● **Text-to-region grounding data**

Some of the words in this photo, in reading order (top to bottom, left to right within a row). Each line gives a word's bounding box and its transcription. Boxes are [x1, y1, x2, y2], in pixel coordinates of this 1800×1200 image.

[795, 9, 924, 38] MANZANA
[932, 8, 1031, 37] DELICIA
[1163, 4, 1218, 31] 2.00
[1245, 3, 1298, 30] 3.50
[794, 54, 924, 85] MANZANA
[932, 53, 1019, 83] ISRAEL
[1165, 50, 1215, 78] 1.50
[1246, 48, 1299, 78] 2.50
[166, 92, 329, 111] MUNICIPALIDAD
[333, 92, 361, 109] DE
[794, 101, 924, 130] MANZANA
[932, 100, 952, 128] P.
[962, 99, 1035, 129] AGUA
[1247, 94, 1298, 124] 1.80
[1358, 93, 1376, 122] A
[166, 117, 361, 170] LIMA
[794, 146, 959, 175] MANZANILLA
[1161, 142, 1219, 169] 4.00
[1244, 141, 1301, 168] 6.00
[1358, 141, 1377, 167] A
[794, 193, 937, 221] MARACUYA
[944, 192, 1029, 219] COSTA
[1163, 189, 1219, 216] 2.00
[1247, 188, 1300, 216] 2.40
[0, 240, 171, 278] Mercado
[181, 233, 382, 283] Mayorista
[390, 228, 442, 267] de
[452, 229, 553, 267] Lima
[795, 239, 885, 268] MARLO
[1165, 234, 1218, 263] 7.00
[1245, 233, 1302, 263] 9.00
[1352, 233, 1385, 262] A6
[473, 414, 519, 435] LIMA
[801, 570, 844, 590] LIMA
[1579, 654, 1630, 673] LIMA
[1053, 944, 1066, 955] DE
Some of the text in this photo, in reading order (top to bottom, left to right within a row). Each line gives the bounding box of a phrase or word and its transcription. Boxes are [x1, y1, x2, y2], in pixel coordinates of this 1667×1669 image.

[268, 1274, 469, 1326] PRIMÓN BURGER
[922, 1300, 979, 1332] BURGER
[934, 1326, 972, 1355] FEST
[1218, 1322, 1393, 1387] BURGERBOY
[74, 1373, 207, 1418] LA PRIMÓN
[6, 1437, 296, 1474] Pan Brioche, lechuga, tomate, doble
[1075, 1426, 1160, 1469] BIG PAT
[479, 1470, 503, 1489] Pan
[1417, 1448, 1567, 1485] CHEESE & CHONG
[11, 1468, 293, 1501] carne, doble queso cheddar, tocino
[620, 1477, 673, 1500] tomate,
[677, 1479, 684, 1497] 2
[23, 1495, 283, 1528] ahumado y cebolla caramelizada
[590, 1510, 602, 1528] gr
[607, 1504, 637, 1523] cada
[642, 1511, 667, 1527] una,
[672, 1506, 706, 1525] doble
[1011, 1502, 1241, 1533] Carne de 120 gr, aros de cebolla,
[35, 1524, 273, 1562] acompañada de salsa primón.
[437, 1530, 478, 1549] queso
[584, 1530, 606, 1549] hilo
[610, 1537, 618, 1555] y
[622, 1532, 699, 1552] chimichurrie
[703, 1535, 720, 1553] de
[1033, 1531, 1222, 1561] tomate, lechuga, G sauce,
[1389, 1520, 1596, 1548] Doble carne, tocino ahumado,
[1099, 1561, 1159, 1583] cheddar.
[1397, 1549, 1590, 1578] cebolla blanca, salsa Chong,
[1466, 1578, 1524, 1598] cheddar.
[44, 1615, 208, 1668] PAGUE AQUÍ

● **The problem**
Set down every entry again, exactly as written.

● **Output**
Some of the words in this photo, in reading order (top to bottom, left to right within a row). Each line gives a word's bounding box and its transcription. Boxes are [x1, y1, x2, y2], in pixel coordinates of this 1800×1200 image.

[795, 9, 924, 38] MANZANA
[932, 8, 1031, 37] DELICIA
[1163, 4, 1218, 31] 2.00
[1245, 3, 1298, 30] 3.50
[794, 54, 924, 85] MANZANA
[932, 53, 1019, 83] ISRAEL
[1165, 50, 1215, 78] 1.50
[1246, 48, 1299, 78] 2.50
[166, 92, 329, 111] MUNICIPALIDAD
[333, 92, 361, 109] DE
[794, 101, 924, 130] MANZANA
[932, 100, 952, 128] P.
[962, 99, 1035, 129] AGUA
[1247, 94, 1298, 124] 1.80
[1358, 93, 1376, 122] A
[166, 117, 361, 170] LIMA
[794, 146, 959, 175] MANZANILLA
[1161, 142, 1219, 169] 4.00
[1244, 141, 1301, 168] 6.00
[1358, 141, 1377, 167] A
[794, 193, 937, 221] MARACUYA
[944, 192, 1029, 219] COSTA
[1163, 189, 1219, 216] 2.00
[1247, 188, 1300, 216] 2.40
[0, 240, 171, 278] Mercado
[181, 233, 382, 283] Mayorista
[390, 228, 442, 267] de
[452, 229, 553, 267] Lima
[795, 239, 885, 268] MARLO
[1165, 234, 1218, 263] 7.00
[1245, 233, 1302, 263] 9.00
[1352, 233, 1385, 262] A6
[473, 414, 519, 435] LIMA
[801, 570, 844, 590] LIMA
[1579, 654, 1630, 673] LIMA
[1053, 944, 1066, 955] DE
Some of the text in this photo, in reading order (top to bottom, left to right within a row). Each line gives the bounding box of a phrase or word and its transcription. Boxes are [x1, y1, x2, y2], in pixel coordinates of this 1667×1669 image.

[268, 1274, 469, 1326] PRIMÓN BURGER
[922, 1300, 979, 1332] BURGER
[934, 1326, 972, 1355] FEST
[1218, 1322, 1393, 1387] BURGERBOY
[74, 1373, 207, 1418] LA PRIMÓN
[6, 1437, 296, 1474] Pan Brioche, lechuga, tomate, doble
[1075, 1426, 1160, 1469] BIG PAT
[479, 1470, 503, 1489] Pan
[1417, 1448, 1567, 1485] CHEESE & CHONG
[11, 1468, 293, 1501] carne, doble queso cheddar, tocino
[620, 1477, 673, 1500] tomate,
[677, 1479, 684, 1497] 2
[23, 1495, 283, 1528] ahumado y cebolla caramelizada
[590, 1510, 602, 1528] gr
[607, 1504, 637, 1523] cada
[642, 1511, 667, 1527] una,
[672, 1506, 706, 1525] doble
[1011, 1502, 1241, 1533] Carne de 120 gr, aros de cebolla,
[35, 1524, 273, 1562] acompañada de salsa primón.
[437, 1530, 478, 1549] queso
[584, 1530, 606, 1549] hilo
[610, 1537, 618, 1555] y
[622, 1532, 699, 1552] chimichurrie
[703, 1535, 720, 1553] de
[1033, 1531, 1222, 1561] tomate, lechuga, G sauce,
[1389, 1520, 1596, 1548] Doble carne, tocino ahumado,
[1099, 1561, 1159, 1583] cheddar.
[1397, 1549, 1590, 1578] cebolla blanca, salsa Chong,
[1466, 1578, 1524, 1598] cheddar.
[44, 1615, 208, 1668] PAGUE AQUÍ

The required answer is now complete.